Categories: U.S. Investing

Part 6 — 10 Questions You Have to Answer Before You Buy Any Stock

So far in this series, I have shared the first nine of 10 questions that you should answer before you decide whether or not to buy a share of stock in a particular company. The gist of these 10 questions is to help you understand the company you are investing in and items to pay attention to when sizing up what’s on the horizon, both good and bad. After all, how do you know how to gauge a company’s business and the competitive landscape if you don’t have a firm understanding of what the company does and how it makes money for itself and its shareholders?

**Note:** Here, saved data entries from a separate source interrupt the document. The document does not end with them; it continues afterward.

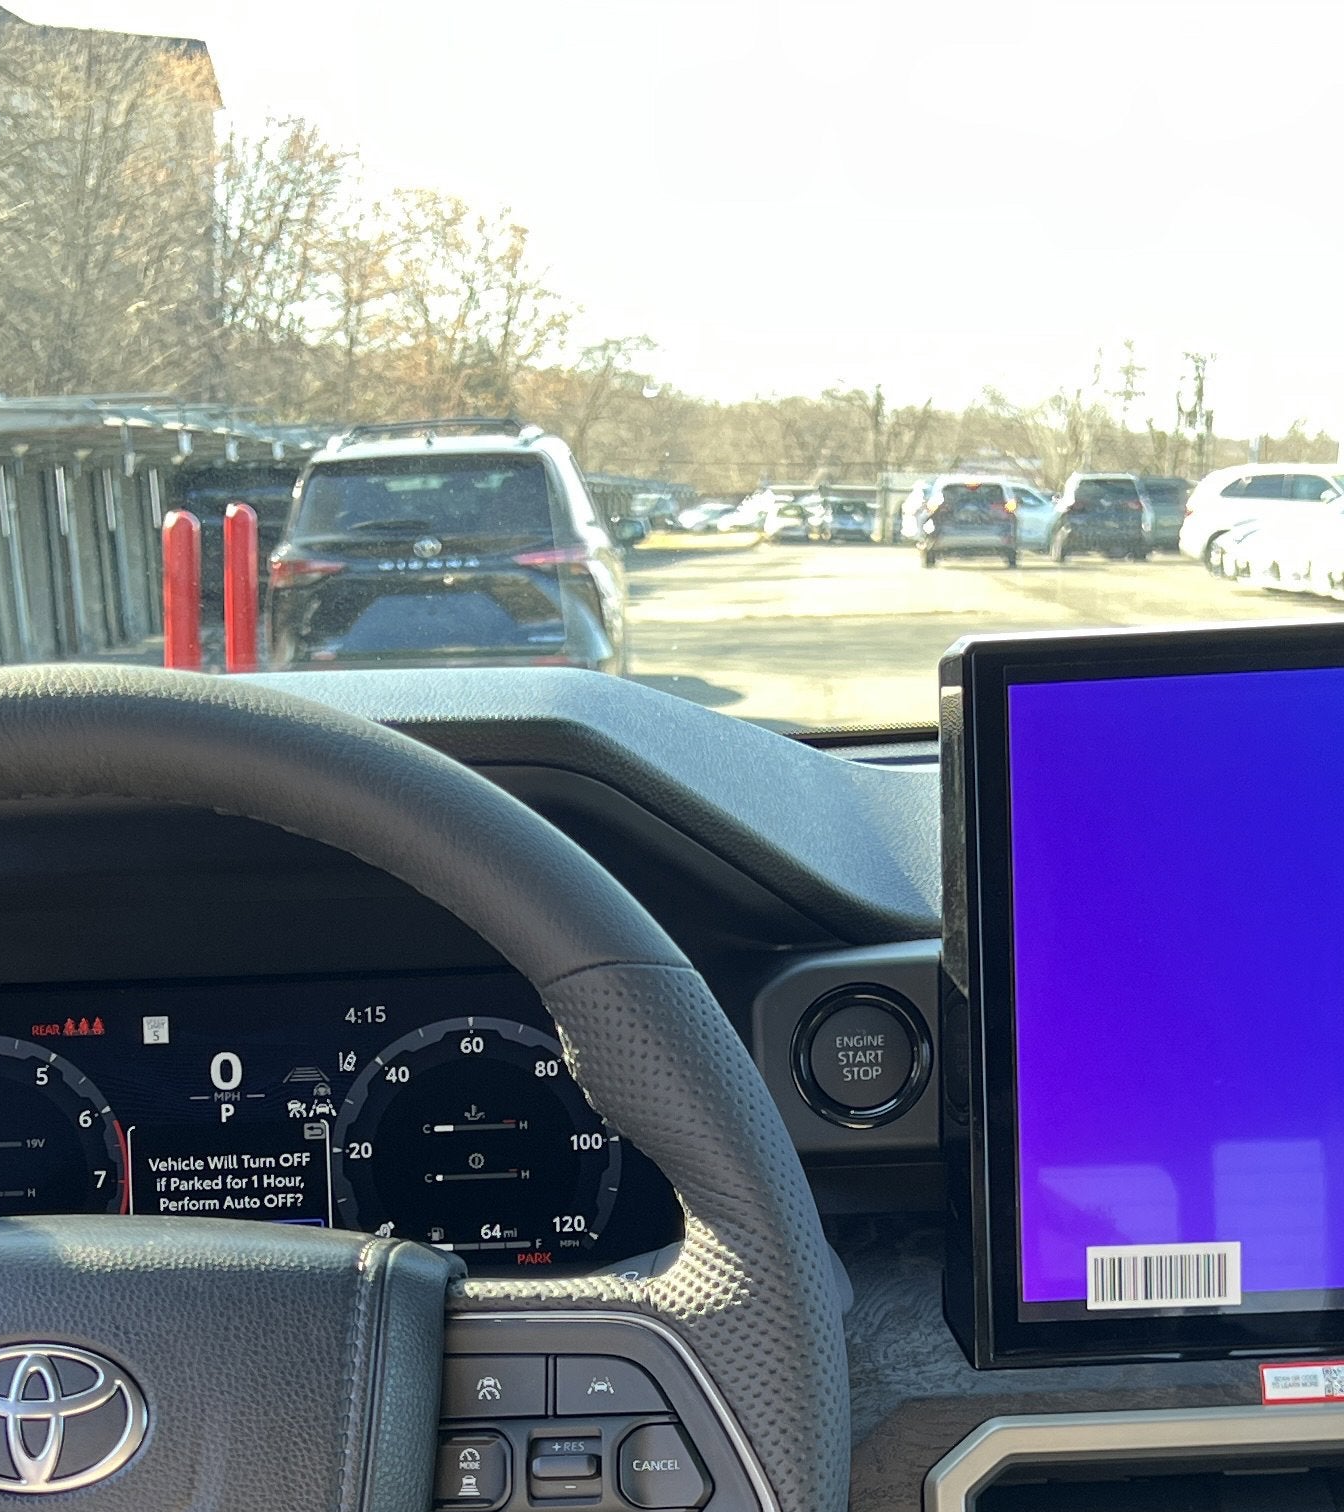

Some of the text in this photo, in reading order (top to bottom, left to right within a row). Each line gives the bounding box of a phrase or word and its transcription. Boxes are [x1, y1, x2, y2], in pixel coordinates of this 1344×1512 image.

[344, 1006, 386, 1024] 4:15
[31, 1024, 61, 1037] REAR
[152, 1031, 161, 1042] 5
[460, 1037, 484, 1054] 60
[835, 1034, 885, 1049] ENGINE
[837, 1050, 884, 1066] START
[35, 1067, 49, 1085] 5
[210, 1051, 243, 1091] 0
[386, 1067, 410, 1083] 40
[534, 1060, 559, 1077] 80
[842, 1066, 882, 1082] STOP
[213, 1091, 241, 1102] MPH
[78, 1110, 92, 1128] 6
[220, 1103, 235, 1123] P
[422, 1124, 432, 1135] C
[519, 1120, 529, 1130] H
[25, 1138, 46, 1149] 19V
[570, 1133, 603, 1150] 100
[348, 1142, 372, 1159] 20
[148, 1152, 311, 1173] Vehicle Will Turn OFF
[93, 1170, 107, 1189] 7
[156, 1173, 305, 1192] if Parked for 1 Hour,
[424, 1173, 434, 1184] C
[521, 1169, 530, 1180] H
[27, 1188, 36, 1198] H
[159, 1194, 304, 1212] Perform Auto OFF?
[480, 1224, 518, 1239] 64 mi
[552, 1215, 585, 1232] 120
[535, 1239, 543, 1249] F
[559, 1239, 580, 1248] MPH
[517, 1252, 552, 1265] PARK
[458, 1461, 481, 1470] MODE
[632, 1459, 681, 1472] CANCEL

These are some of the tools I use each time I look at a new opportunity that I may share with subscribers to my Growth & Dividend Report newsletter.

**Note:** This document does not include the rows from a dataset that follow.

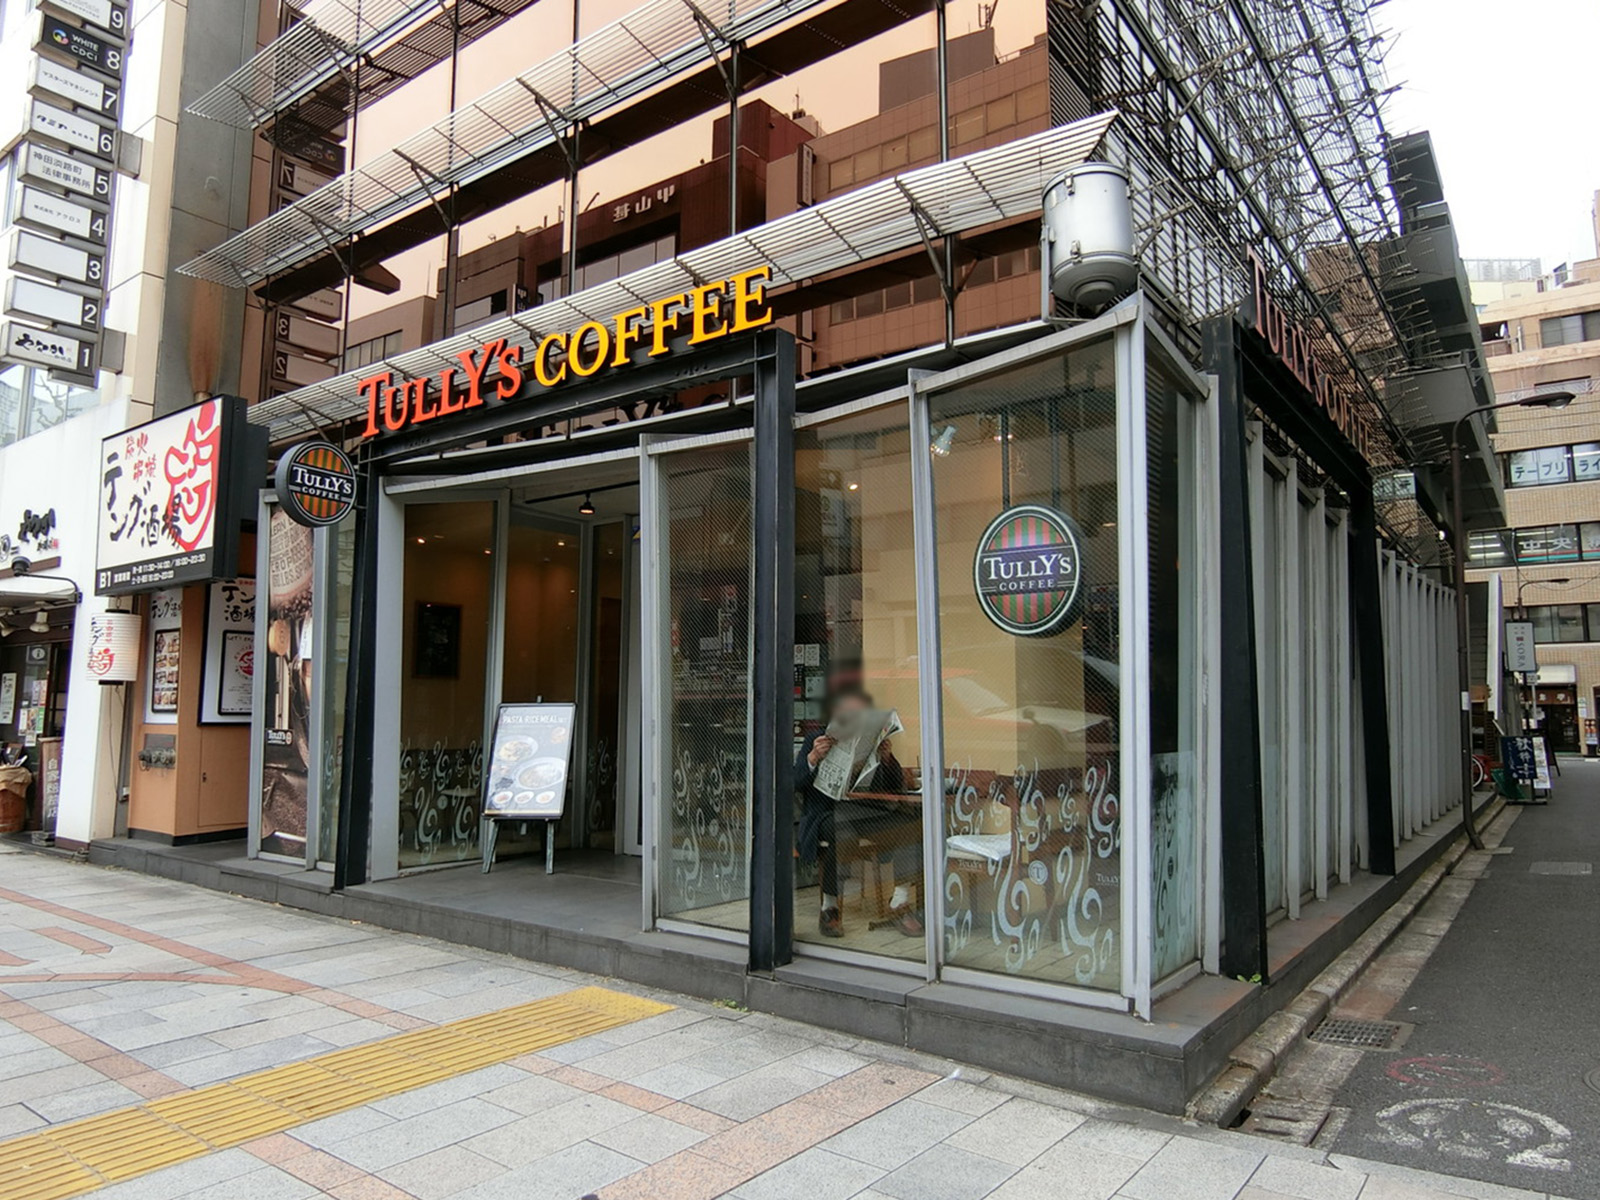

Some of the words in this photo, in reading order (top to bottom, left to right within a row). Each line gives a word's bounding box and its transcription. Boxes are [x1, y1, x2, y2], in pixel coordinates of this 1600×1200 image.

[111, 10, 124, 29] 9
[72, 34, 99, 52] WHITE
[107, 51, 120, 70] 8
[105, 91, 117, 110] 7
[100, 134, 112, 152] 6
[33, 151, 83, 175] 神田淡路町
[42, 166, 91, 189] 法律事務所
[96, 176, 108, 194] 5
[92, 218, 105, 236] 4
[88, 260, 101, 280] 3
[84, 304, 97, 324] 2
[534, 265, 773, 388] COFFEE
[83, 348, 89, 367] 1
[302, 486, 340, 500] COFFEE
[100, 571, 112, 588] B1
[999, 579, 1055, 591] COFFEE
[1516, 642, 1526, 668] SORA
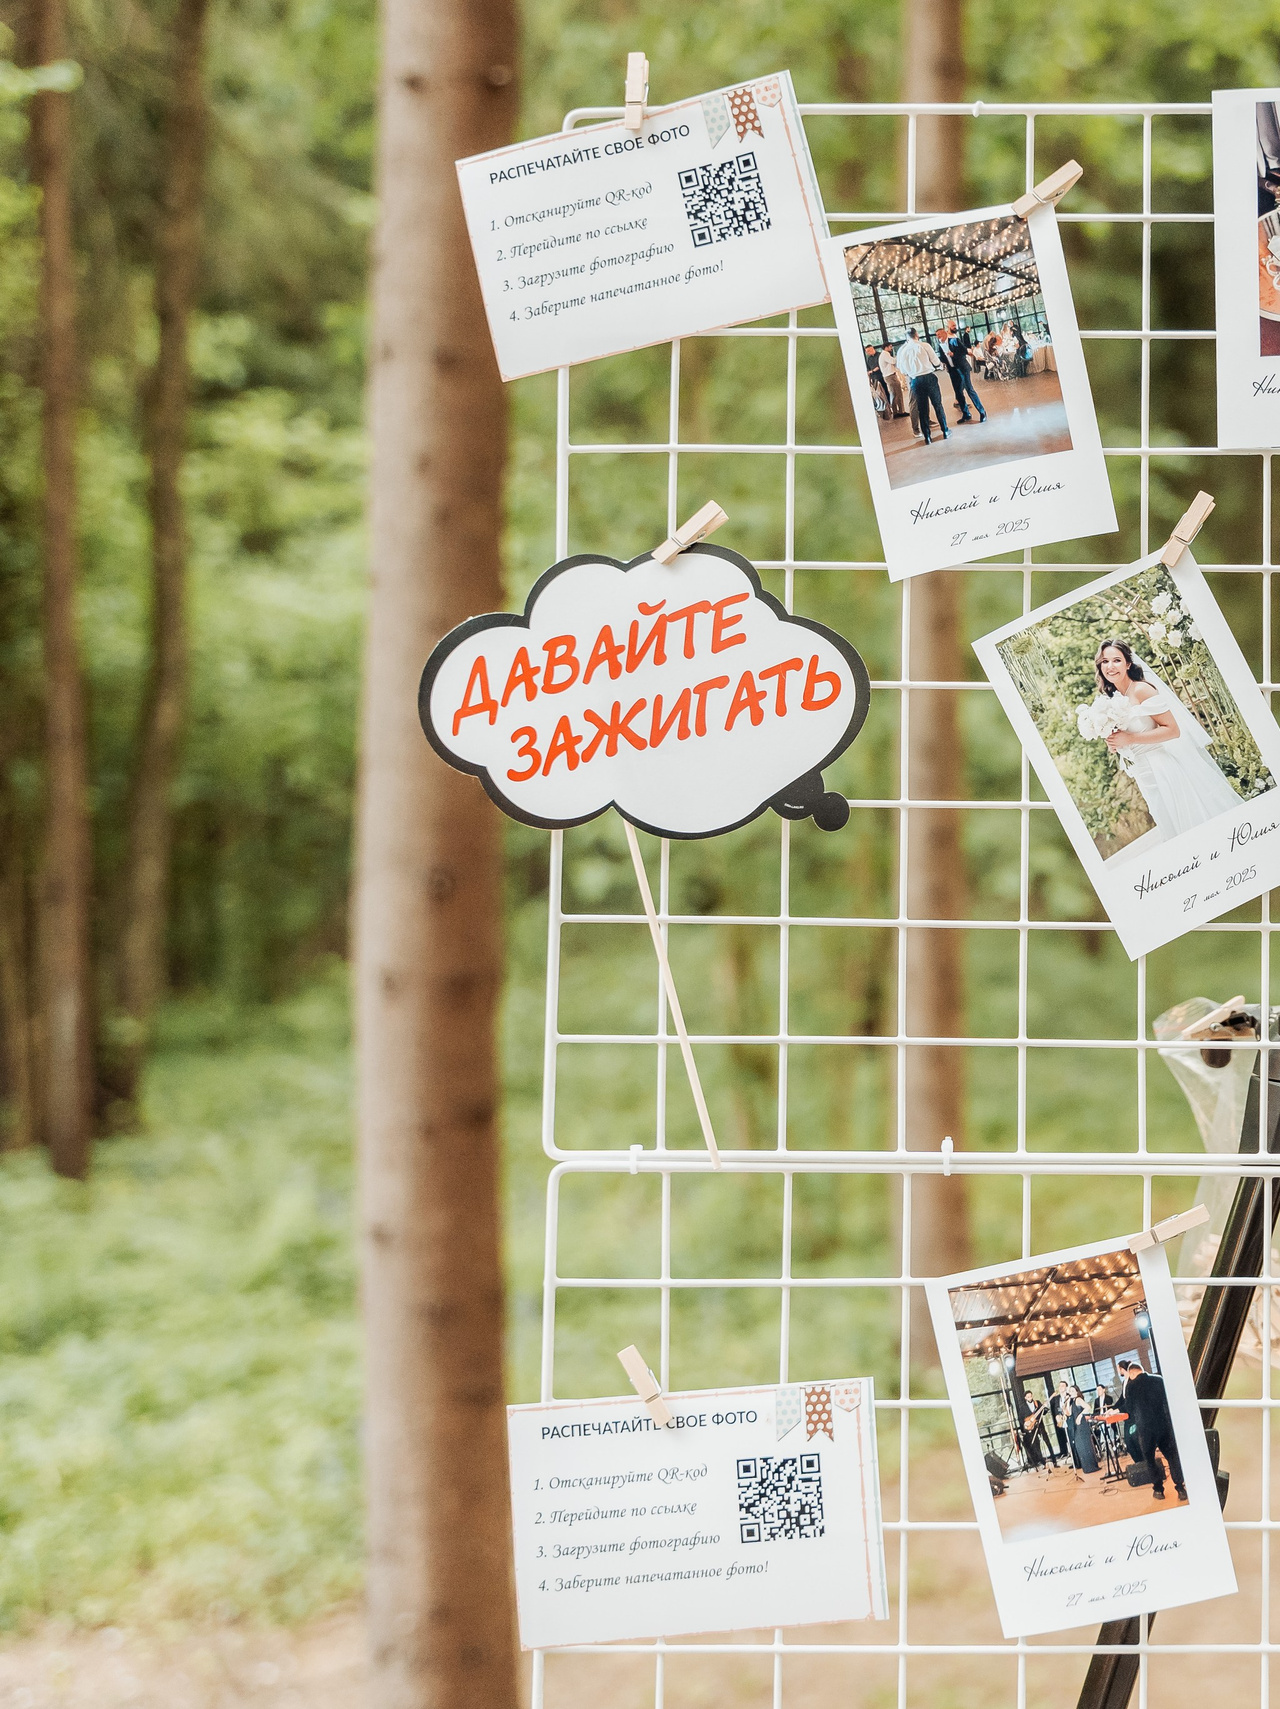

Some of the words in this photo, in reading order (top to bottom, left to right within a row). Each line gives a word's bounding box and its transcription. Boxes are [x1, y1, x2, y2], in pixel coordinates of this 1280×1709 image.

[489, 146, 602, 185] РАСПЕЧАТАЙТЕ
[604, 136, 645, 156] СВОЕ
[647, 124, 690, 146] ФОТО
[490, 219, 500, 232] 1.
[504, 196, 601, 228] Отсканируйте
[604, 181, 653, 207] QR-код
[496, 249, 507, 262] 2.
[510, 233, 582, 259] Перейдите
[585, 229, 601, 240] по
[604, 217, 648, 236] ссылке
[502, 279, 515, 292] 3.
[517, 264, 586, 290] Загрузите
[589, 242, 675, 276] фотографию
[509, 310, 522, 322] 4.
[524, 296, 586, 320] Заберите
[590, 273, 681, 303] напечатанное
[684, 259, 724, 285] фото!
[909, 494, 980, 525] Николай
[988, 495, 1001, 504] и
[1009, 475, 1066, 501] Юлия
[950, 531, 968, 547] 27
[971, 533, 989, 542] мая
[995, 517, 1031, 536] 2025
[452, 592, 750, 736] ДАВАЙТЕ
[506, 654, 842, 782] ЗАЖИГАТЬ
[1133, 854, 1202, 900] Николай
[1209, 850, 1221, 861] и
[1226, 821, 1280, 853] Юлия
[1183, 893, 1198, 913] 27
[1203, 890, 1221, 902] мая
[1225, 864, 1257, 891] 2025
[711, 1410, 758, 1426] ФОТО
[533, 1478, 545, 1491] 1.
[549, 1472, 654, 1490] Отсканируйте
[657, 1464, 708, 1485] QR-код
[534, 1511, 546, 1525] 2.
[549, 1506, 627, 1527] Перейдите
[631, 1506, 647, 1517] по
[650, 1502, 698, 1516] ссылке
[536, 1545, 548, 1559] 3.
[552, 1542, 626, 1560] Загрузите
[628, 1530, 721, 1556] фотографию
[1023, 1554, 1094, 1582] Николай
[1104, 1555, 1116, 1564] и
[1126, 1533, 1182, 1562] Юлия
[538, 1579, 550, 1592] 4.
[554, 1574, 621, 1593] Заберите
[625, 1567, 723, 1585] напечатанное
[725, 1560, 769, 1581] фото!
[1065, 1592, 1084, 1608] 27
[1087, 1595, 1106, 1603] мая
[1112, 1579, 1148, 1599] 2025

If you missed that guidance, I encourage you to check out my previous columns: part 1, part 2, part 3, part 4 and part 5. These tackle the first nine questions:

  1. What does the company do?
  2. What are its key products or services?
  3. At what business unit or units does the company make most of its profits?
  4. Who are the key competitors and how are they impacting the market?
  5. What is driving growth at the company?
  6. What is driving the company’s profit picture and, if it’s not improving, why is that?
  7. What does the company’s balance sheet look like?
  8. What valuation metrics are key?
  9. What catalysts could drive the shares higher?

The last question — number 10 — pulls from the first nine questions and is the culmination of all the hard work you’ve done so far. That’s right, the 10th question is:

  1. “What do I do?”

Or at least that is one way to ask the question. I would argue a better way is to ask the following: “Is there enough upside in the shares less the potential downside to warrant buying the shares at current levels?”

You might say there are some subtle distinctions in the wording, and that was intentional. One of the common mistakes I find is that investors are too often wooed by the promise of alluring upside and forget the dark side of potentially losing money when investing. You can’t be afraid to weigh the risks. As the last few days have shown us, pullbacks are going to happen. If you’re going to be an investor — individual or professional — you have to manage your risk and one way to that is to limit your downside.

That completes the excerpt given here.